I wasn’t sure how, because when you’re sitting on the roof talking on the phone with a girl on another island, trying to locate the same constellations like corny teenage romantics do, you don’t think about logistics. But we casually, maybe seriously, agreed that when I turned 28, if we were still single, we’d find each other and get married. That night we decided to be each other’s insurance policies in case the exciting lives we would undoubtedly live still had us unwed by that age.

It’s painful to write, not because it didn’t happen, or because I lost touch with her, but because I thought she was my it, my her, my pronoun. My life plan included her.

Oh, what I thought I knew when I was 16.

What I discovered in the years since is that life is about verbs creating nouns, because things aren’t possible without action and most times action takes you to exciting new nouns and pronouns you didn’t previously consider.

About this time of year we tell the graduating seniors that if you want something bad enough, you can go get it. Action. What we mean is if you want something bad enough, work really hard so when that doesn’t work out as you plan, something else will and you can be happy.

In books and movies dynamic characters change, evolve and grow. Static characters stay the same. Nouns change in fulfilling ways for dynamic people thanks to their action - studying, trying, working, fighting - so when the plan fails, it’s not the end.

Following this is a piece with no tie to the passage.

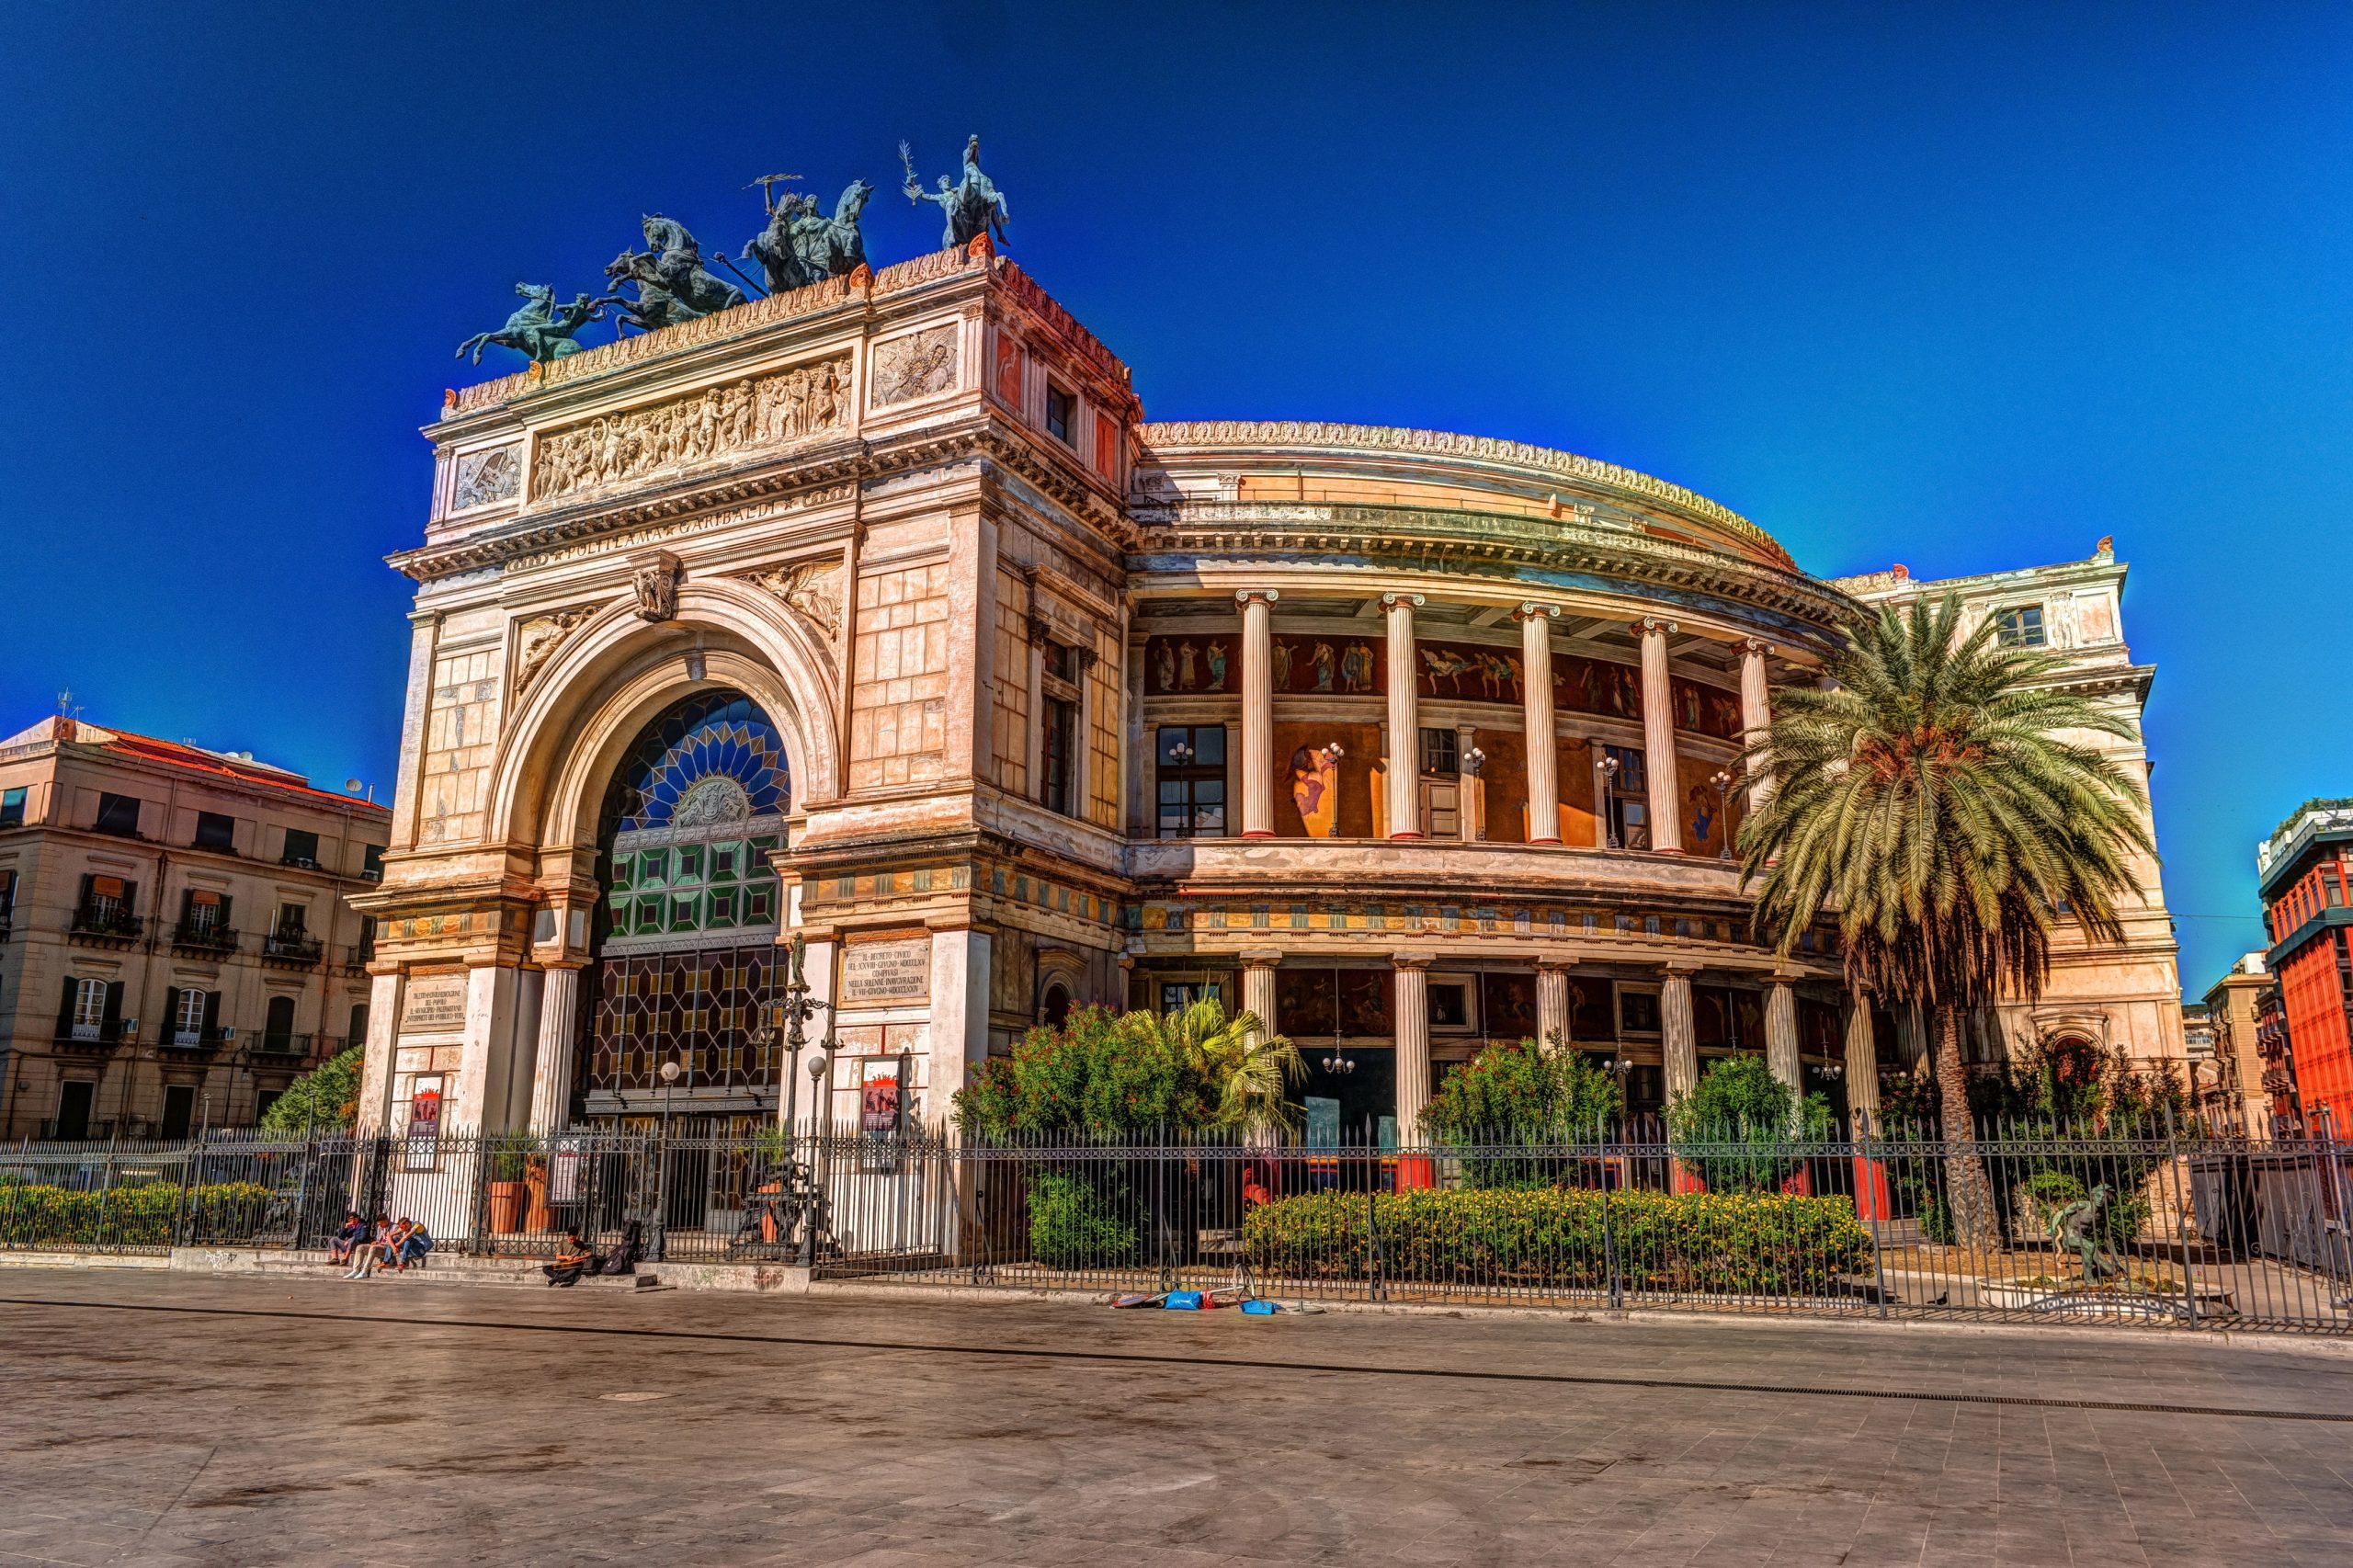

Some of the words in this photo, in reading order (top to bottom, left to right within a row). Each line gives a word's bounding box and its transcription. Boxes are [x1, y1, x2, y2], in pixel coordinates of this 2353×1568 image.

We implore graduates to be dynamic like the protagonists they followed in the books they chose to read. The thing about being a protagonist in a good, real-life story is that you don’t know exactly where you’re going and what you will encounter on your way.

After losing on a last second shot in the regional championship game his senior year, my brother Mark vowed to play basketball in college. He didn’t plan to be a practice player for the women’s team or to be handing water to the men’s team as a freshman. Taking a charge from a 7-foot Russian the next year and having his mouth sewn back together was on no high school list of his, but it happened. He made the team and ended the season with a loss to Indiana in the NCAA tournament.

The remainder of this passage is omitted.